--- START ---

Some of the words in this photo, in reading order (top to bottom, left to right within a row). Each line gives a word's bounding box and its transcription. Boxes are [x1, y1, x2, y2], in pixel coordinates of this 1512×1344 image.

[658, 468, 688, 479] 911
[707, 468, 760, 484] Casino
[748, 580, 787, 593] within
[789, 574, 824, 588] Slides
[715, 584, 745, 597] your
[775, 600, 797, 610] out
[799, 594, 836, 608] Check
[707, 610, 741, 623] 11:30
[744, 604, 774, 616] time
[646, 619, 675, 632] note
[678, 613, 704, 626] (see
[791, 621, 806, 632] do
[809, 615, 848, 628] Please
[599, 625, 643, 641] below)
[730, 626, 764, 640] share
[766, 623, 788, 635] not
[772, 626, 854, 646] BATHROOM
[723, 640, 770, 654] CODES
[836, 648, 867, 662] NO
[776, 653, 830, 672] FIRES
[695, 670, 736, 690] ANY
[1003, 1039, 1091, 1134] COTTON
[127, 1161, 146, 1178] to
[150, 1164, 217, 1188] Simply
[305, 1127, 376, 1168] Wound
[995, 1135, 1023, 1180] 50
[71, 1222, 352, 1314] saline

--- END ---
--- START ---

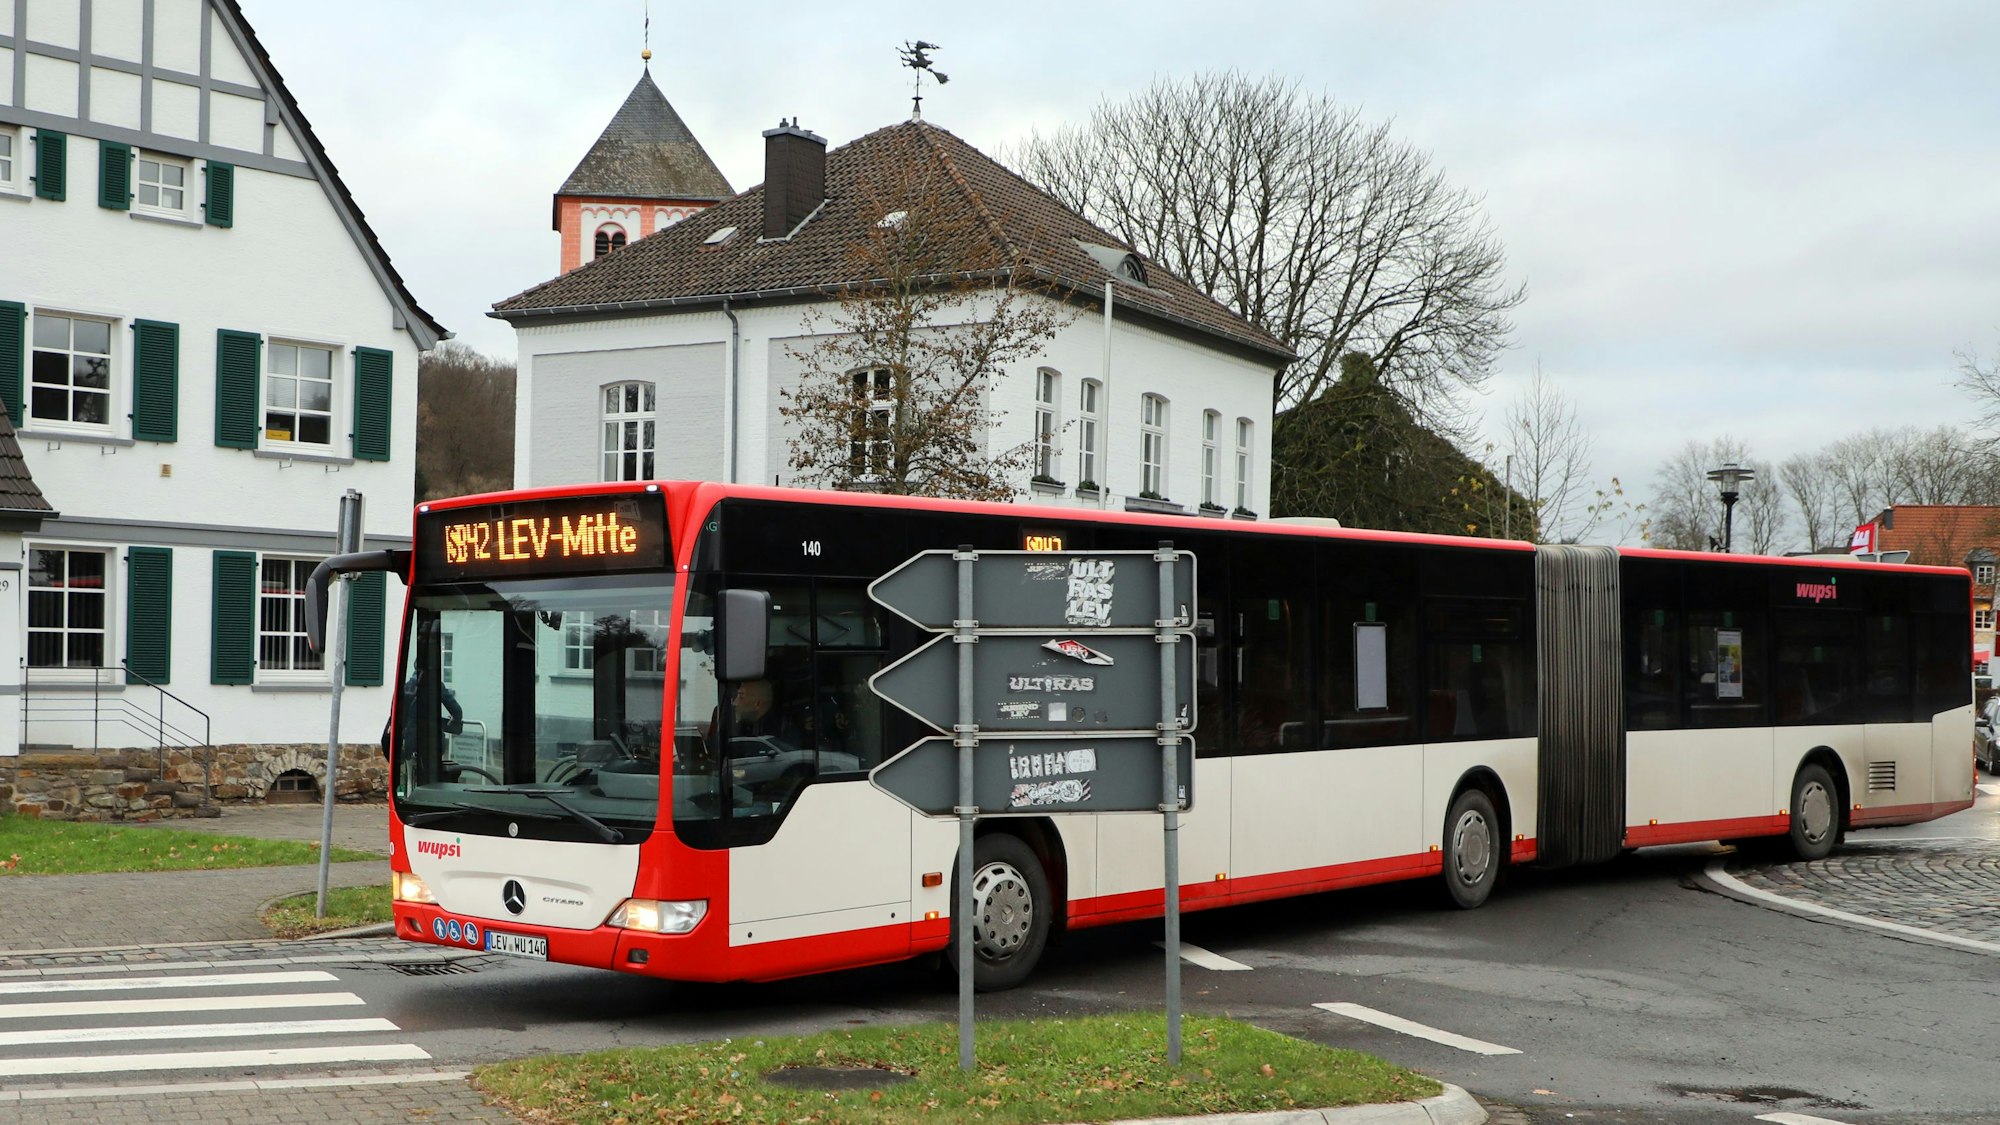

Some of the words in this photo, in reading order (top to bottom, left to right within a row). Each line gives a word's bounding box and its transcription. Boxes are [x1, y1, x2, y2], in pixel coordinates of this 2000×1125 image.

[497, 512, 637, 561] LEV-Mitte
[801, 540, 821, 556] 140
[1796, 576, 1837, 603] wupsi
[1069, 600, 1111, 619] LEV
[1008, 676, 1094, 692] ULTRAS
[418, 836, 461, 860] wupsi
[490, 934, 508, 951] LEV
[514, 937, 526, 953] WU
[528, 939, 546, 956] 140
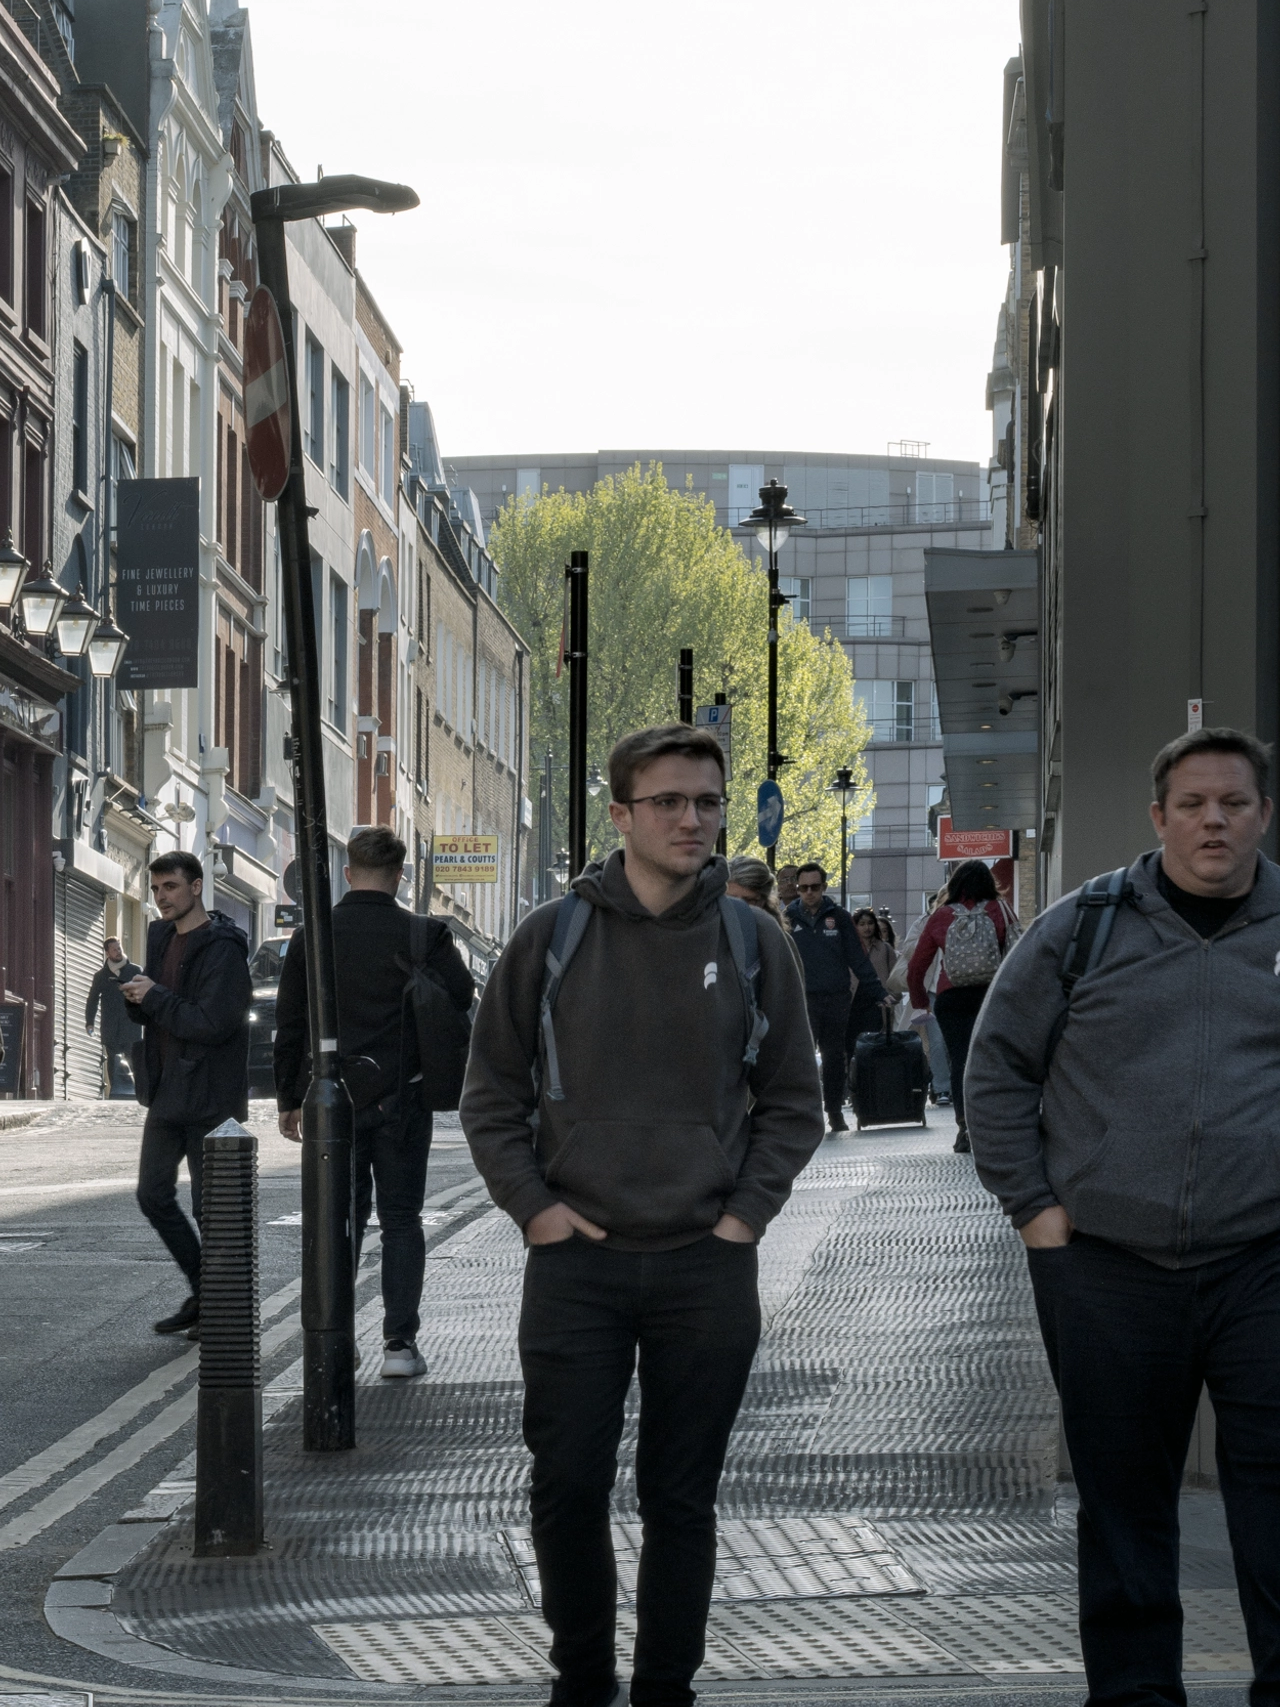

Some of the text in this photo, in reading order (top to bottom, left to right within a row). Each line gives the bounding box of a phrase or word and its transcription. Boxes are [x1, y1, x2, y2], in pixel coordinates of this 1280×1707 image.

--- END ---

Exact copy, no pictures. Write out the lines in the entries above, starting with the line with "this 2000×1125 image." and going on through the line with "Some of the text", keeping both.

Some of the words in this photo, in reading order (top to bottom, left to right within a row). Each line gives a word's bounding box and its transcription. Boxes are [x1, y1, x2, y2], in pixel coordinates of this 2000×1125 image.

[497, 512, 637, 561] LEV-Mitte
[801, 540, 821, 556] 140
[1796, 576, 1837, 603] wupsi
[1069, 600, 1111, 619] LEV
[1008, 676, 1094, 692] ULTRAS
[418, 836, 461, 860] wupsi
[490, 934, 508, 951] LEV
[514, 937, 526, 953] WU
[528, 939, 546, 956] 140

Some of the text in this photo, in reading order (top to bottom, left to right within a row). Each line gives the bounding box of a phrase or word and its transcription. Boxes are [x1, y1, x2, y2], in pixel coordinates of this 1280×1707 image.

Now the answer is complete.